2. Le cognac constituant une eau-de-vie de vin, il est exclu de la catégorie des produits agricoles et, par conséquent, ne fait pas partie des produits réglementés dans le cadre de l’organisation commune du marché vitivinicole. En conséquence, si des surfaces plantées de cépages ugni blanc, dont le produit sert à la fabrication d’une eau-de-vie qui, en tant que produit industriel, n’est pas distribuée sur le marché vinicole, sont reconverties en surfaces destinées à la production de vins de pays vendus sur ce marché, la quantité de ces vins produite dans la région concernée fera forcément l’objet d’une augmentation, laquelle va à l’encontre de l’objectif d’équilibre entre la production et la demande de cette organisation. Dès lors, des aides nationales visant à favoriser l’arrachage de cépages ugni blanc en vue de leur remplacement par des cépages permettant la production de vins de pays sont incompatibles avec les dispositions régissant cette organisation.

( voir points 35, 37-39 )

3. La Commission jouit, pour l’application de l’article 87, paragraphe 3, CE, d’un large pouvoir d’appréciation dont l’exercice implique des évaluations d’ordre économique et social qui doivent être effectuées dans un contexte communautaire. La Cour, en contrôlant la légalité de l’exercice d’une telle liberté, ne saurait substituer son appréciation en la matière à celle de l’autorité compétente, mais doit se limiter à examiner si cette dernière appréciation est entachée d’erreur manifeste ou de détournement de pouvoir.

( voir point 41 )

Parties


Dans l’affaire C-456/00,

République française, représentée par M. G. de Bergues et Mme L. Bernheim, en qualité d’agents, ayant élu domicile à Luxembourg,

partie requérante,

contre

Commission des Communautés européennes, représentée par Mme A. Alves Vieira et M. D. Triantafyllou, en qualité d’agents, ayant élu domicile à Luxembourg,

partie défenderesse,

ayant pour objet l’annulation de la décision 2001/52/CE de la Commission, du 20 septembre 2000, concernant l’aide d’État mise à exécution par la France dans le secteur viticole (JO 2001, L 17, p. 30),

LA COUR (sixième chambre),

composée de M. R. Schintgen, président de la deuxième chambre, faisant fonction de président de la sixième chambre, M. V. Skouris, Mmes F. Macken et N. Colneric, et M. J. N. Cunha Rodrigues (rapporteur), juges,

avocat général: M. A. Tizzano,

greffier: M. R. Grass,

vu le rapport du juge rapporteur,

ayant entendu l’avocat général en ses conclusions à l’audience du 13 juin 2002,

rend le présent

Arrêt

Motifs de l’arrêt


1 Par requête déposée au greffe de la Cour le 18 décembre 2000, la République française a, en vertu de l’article 230 CE, demandé l’annulation de la décision 2001/52/CE de la Commission, du 20 septembre 2000, concernant l’aide d’État mise à exécution par la France dans le secteur viticole (JO 2001, L 17, p. 30, ci-après la «décision attaquée»).

Le cadre juridique

2 Aux termes de l’article 36, premier alinéa, CE:

«Les dispositions du chapitre relatif aux règles de concurrence ne sont applicables à la production et au commerce des produits agricoles que dans la mesure déterminée par le Conseil dans le cadre des dispositions et conformément à la procédure prévues à l’article 37, paragraphes 2 et 3, compte tenu des objectifs énoncés à l’article 33.»

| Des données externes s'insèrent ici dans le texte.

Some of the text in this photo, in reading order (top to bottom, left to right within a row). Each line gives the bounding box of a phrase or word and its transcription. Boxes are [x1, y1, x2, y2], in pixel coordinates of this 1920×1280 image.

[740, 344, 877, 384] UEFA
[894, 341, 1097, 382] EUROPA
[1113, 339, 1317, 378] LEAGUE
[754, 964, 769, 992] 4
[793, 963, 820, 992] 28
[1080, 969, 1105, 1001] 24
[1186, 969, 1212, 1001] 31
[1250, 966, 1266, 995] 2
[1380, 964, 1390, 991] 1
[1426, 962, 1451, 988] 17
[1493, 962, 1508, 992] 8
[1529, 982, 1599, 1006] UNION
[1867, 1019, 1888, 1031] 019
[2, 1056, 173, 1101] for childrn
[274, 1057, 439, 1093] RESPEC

3 L’article 87, paragraphe 1, CE dispose:

«Sauf dérogations prévues par le présent traité, sont incompatibles avec le marché commun, dans la mesure où elles affectent les échanges entre États membres, les aides accordées par les États ou au moyen de ressources d’État sous quelque forme que ce soit qui faussent ou qui menacent de fausser la concurrence en favorisant certaines entreprises ou certaines productions.»

4 Aux termes de l’article 87, paragraphe 3, sous c), CE:

«Peuvent être considérées comme compatibles avec le marché commun:

[…]

c) les aides destinées à faciliter le développement de certaines activités ou de certaines régions économiques, quand elles n’altèrent pas les conditions des échanges dans une mesure contraire à l’intérêt commun.»

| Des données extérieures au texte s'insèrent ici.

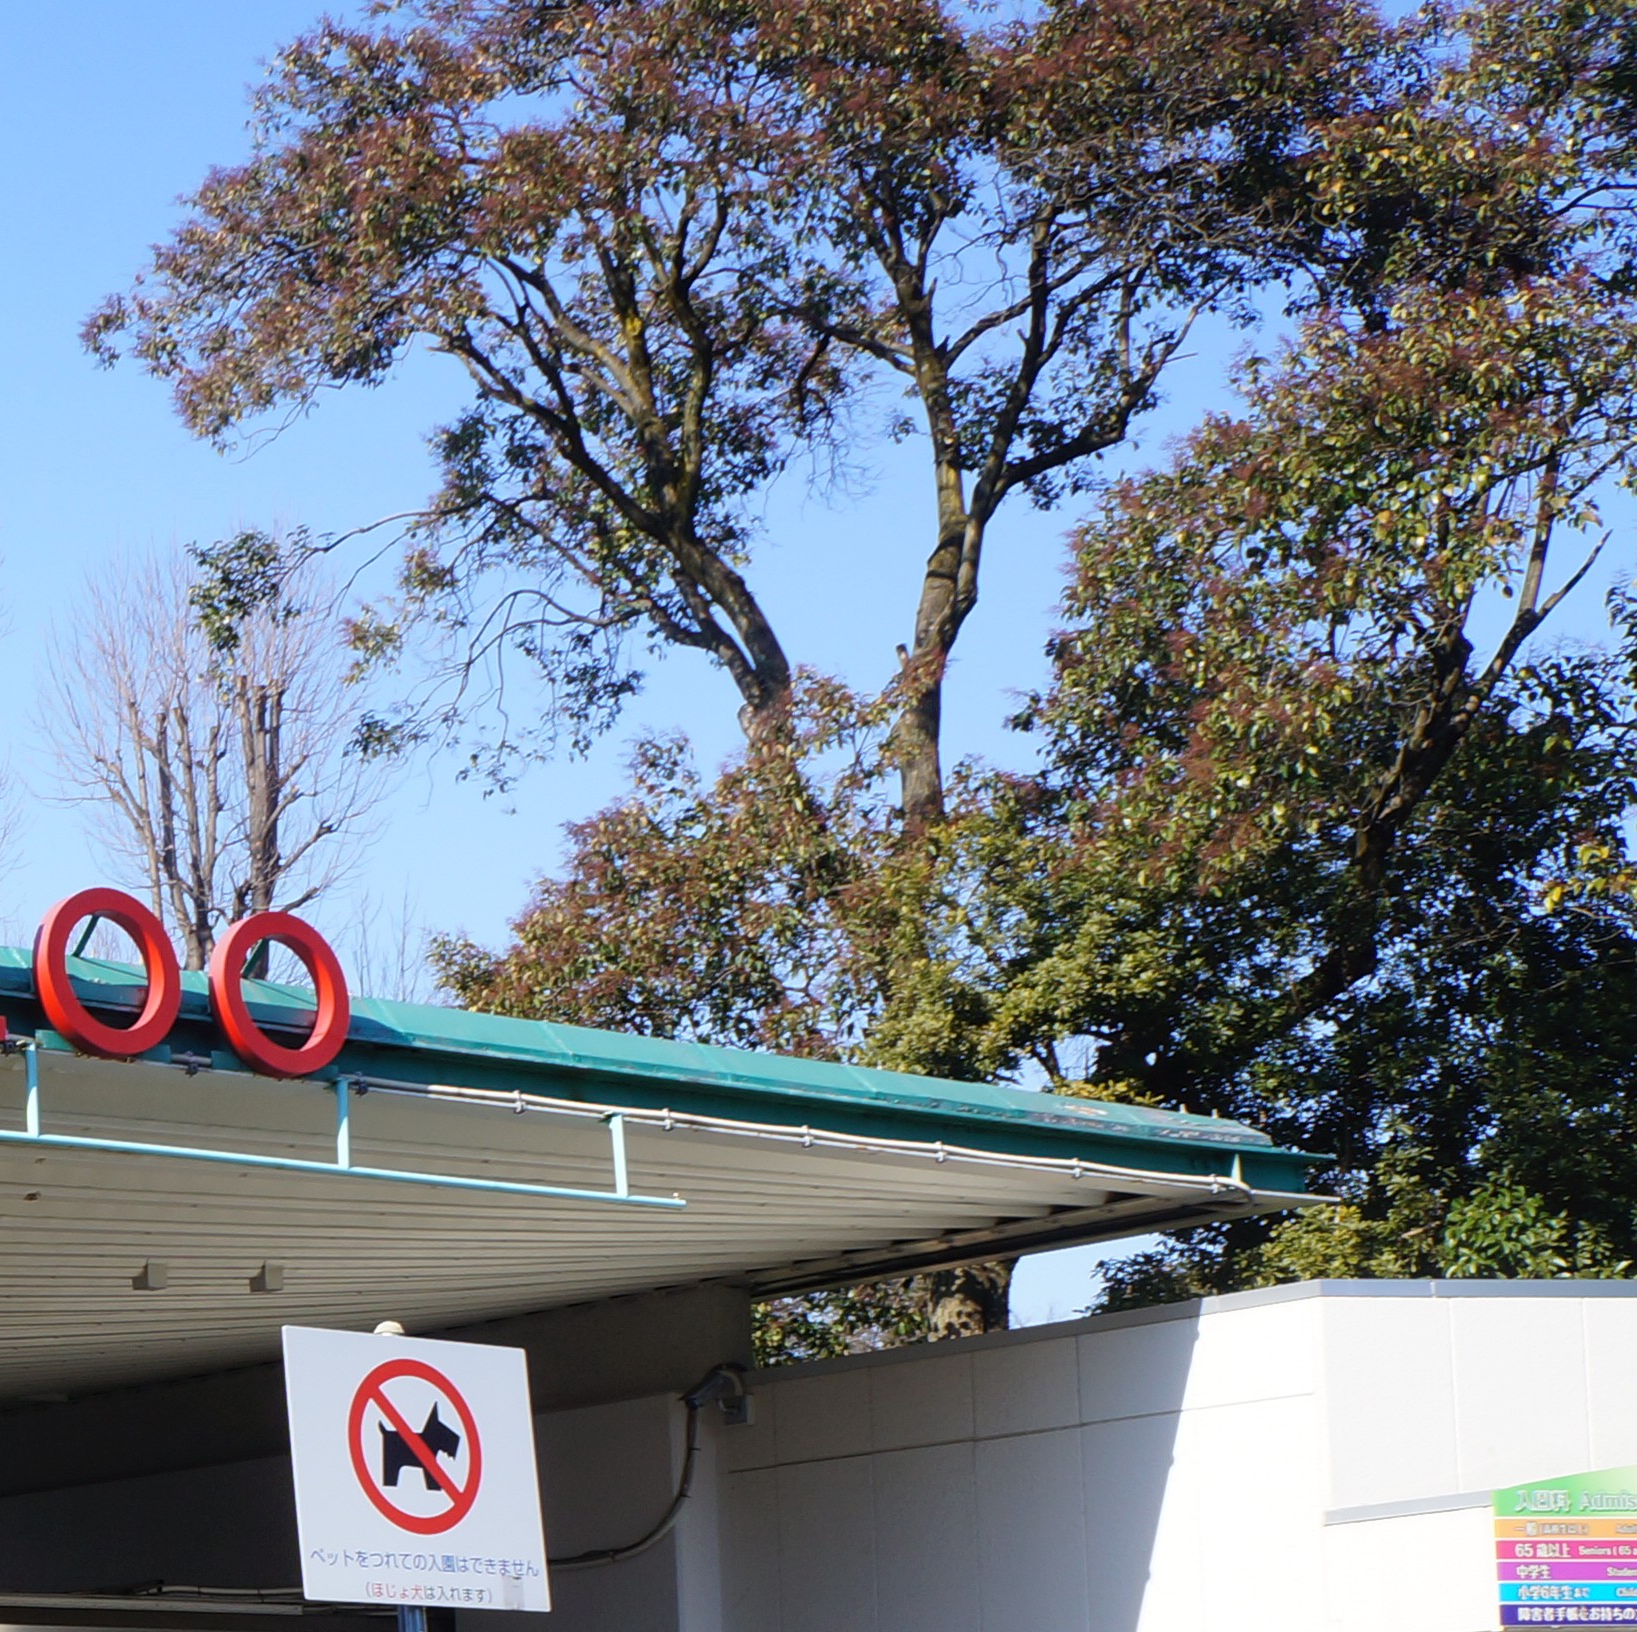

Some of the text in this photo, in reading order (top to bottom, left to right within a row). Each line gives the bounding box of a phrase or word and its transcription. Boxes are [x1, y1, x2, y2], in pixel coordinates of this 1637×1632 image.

5 Le règlement (CEE) n° 822/87 du Conseil, du 16 mars 1987, portant organisation commune du marché vitivinicole (JO L 84, p. 1), a procédé à une codification des règles concernant l’organisation commune du marché vitivinicole (ci-après l'«OCM vitivinicole»).

6 L’article 6, paragraphe 1, du règlement n° 822/87 dispose:

«Toute plantation nouvelle de vigne est interdite jusqu’au 31 août 1990. […]»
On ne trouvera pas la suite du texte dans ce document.